Published: 20 February 2012

Researchers uncover mathematical formula for rhythm and suggest our brains may be hardwired to respond to it

Whether it’s Bach or Brubeck, a new study shows that composers repeat rhythmic patterns in their works in such a way that the part is a copy of the larger whole. A research team led by neuroscientists Drs. Daniel Levitin and Vinod Menon, from McGill and Stanford Universities, respectively, analyzed the scores of close to 2,000 musical compositions written by more than 40 composers over the last 400 years in a large variety of Western musical genres.

They discovered a mathematical formula governing the rhythmic patterns to which every single piece of music conformed. “One of the things that we’ve known about music for a couple of decades is that the distribution of pitches and loudness in music follow predictable mathematical patterns,” says Levitin. “Rhythm is even more fundamental to our enjoyment of music: it’s rhythm that infants respond to first, it’s rhythm that makes you want to get out of your chair and move, and so it’s not really a surprise to discover that rhythm, too, is governed by a similar mathematical formula.”

The researchers found that all the musical compositions they studied shared the same "fractal" quality, where the part is a more limited repetition of the whole. That is the larger temporal structure of well-formed musical pieces is composed of repeating motifs of their own short-term temporal structure.  At the same time, researchers also discovered that each composer had his or her own highly individual rhythmic signature. “This was one of the most unanticipated and exciting findings of our research,” asserts Levitin. “Mozart's notated rhythms were the least predictable, Beethoven's were the most, and Monteverdi and Joplin had nearly identical, overlapping rhythm distributions. But they each have their own distinctive rhythmic signature that you can capture. Our findings also suggest that rhythm may play an even greater role than pitch in conveying a composer’s distinctive style.”

From snowflakes to fern fronds and broccoli florets, fractal patterns are to be found throughout the natural world. The discovery that four centuries of musical compositions obey this same mathematical rule strongly suggests that composers’ own brains may have incorporated certain regularities of the physical world, to recreate self-similarity in works of musical art. Indeed, the authors suggest, building on work begun in the 1970s that our sensory and motor systems may have a fundamental propensity to both perceive and produce fractal patterns not just across the three dimensions of space, but also across time.
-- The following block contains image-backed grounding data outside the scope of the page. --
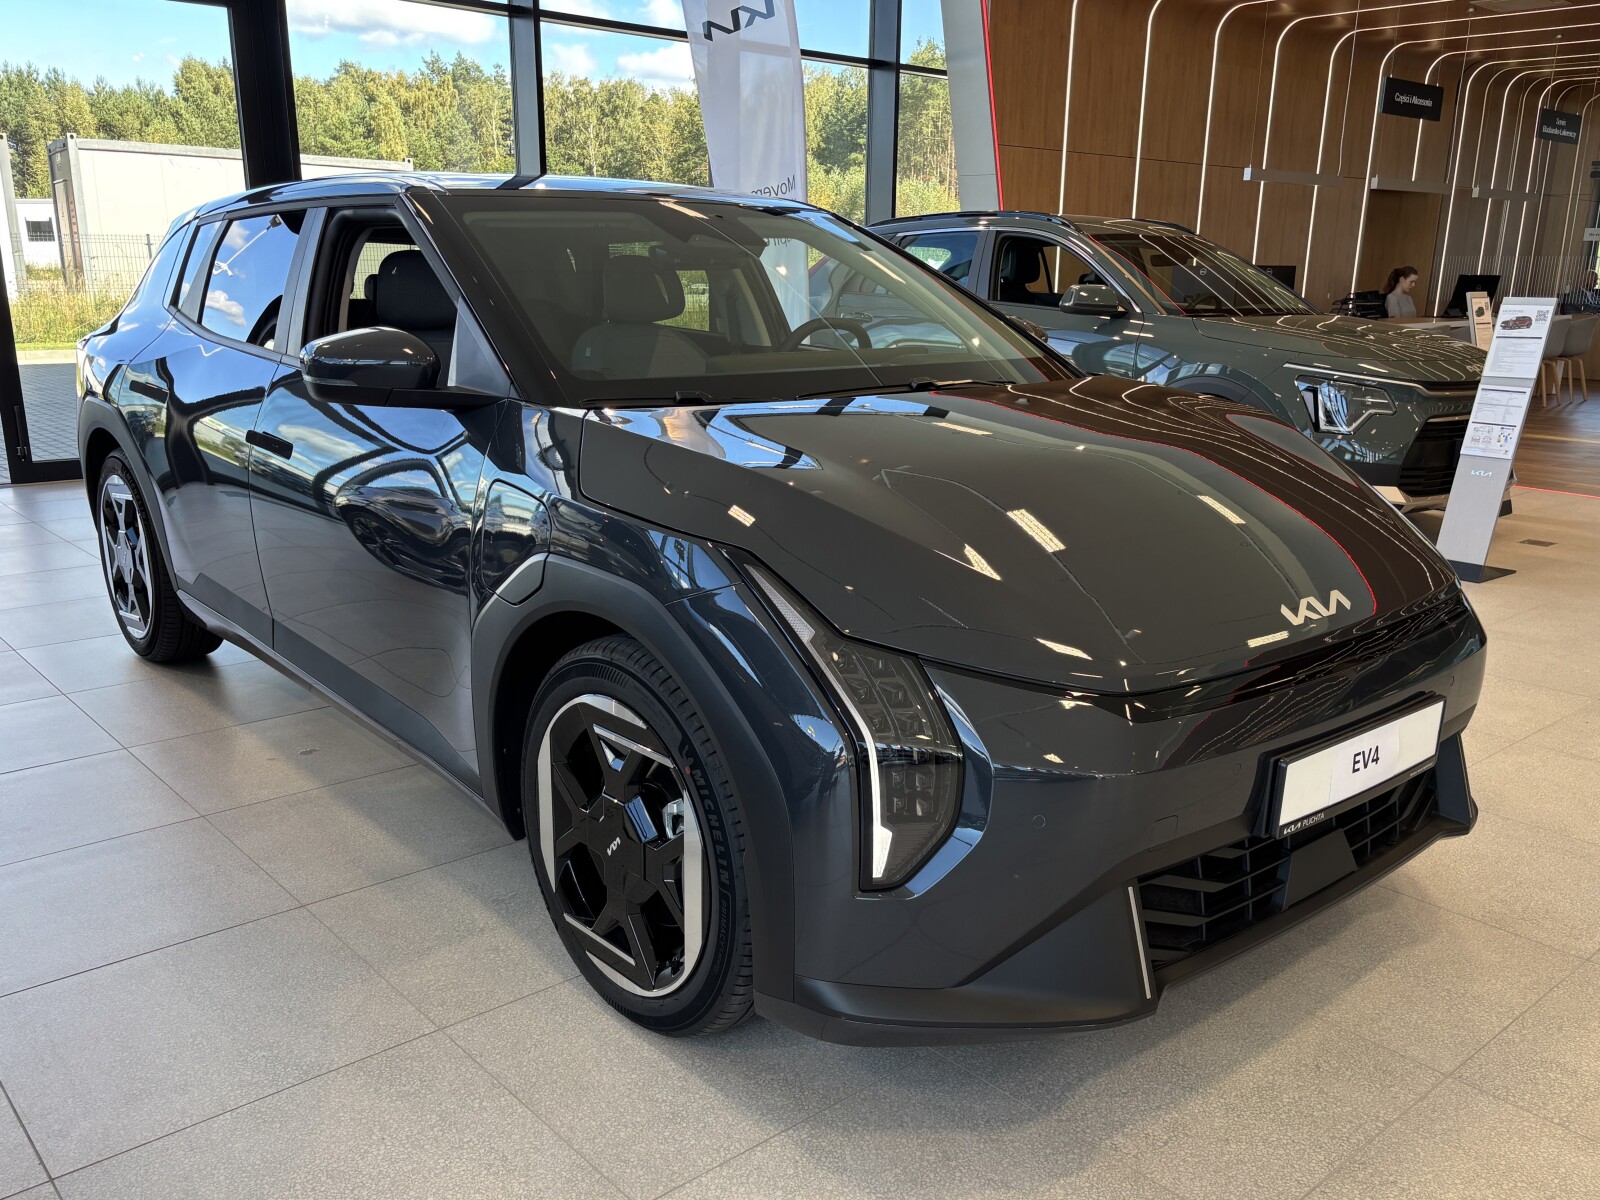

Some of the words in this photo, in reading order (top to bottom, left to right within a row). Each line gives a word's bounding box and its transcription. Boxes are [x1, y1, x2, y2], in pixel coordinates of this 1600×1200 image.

[1471, 469, 1493, 477] KIA
[1280, 589, 1351, 626] KIA
[1352, 745, 1380, 774] EV4
[692, 769, 731, 887] MICHELIN
[1283, 823, 1301, 835] KIA
[1302, 812, 1325, 827] PLICHTA
[606, 836, 621, 857] KIA
For Levitin, whose undergraduate supervisor persuaded him to do a PhD in psychology rather than mathematics by telling him he would be able to do math while studying psychology, but not reverse, the study provides a perfect balance between his two interests.

The research was funded by: Natural Sciences and Engineering Research Council of Canada (NSERC), the Canada Foundation for Innovation (CFI) and the National Science Foundation (NSF).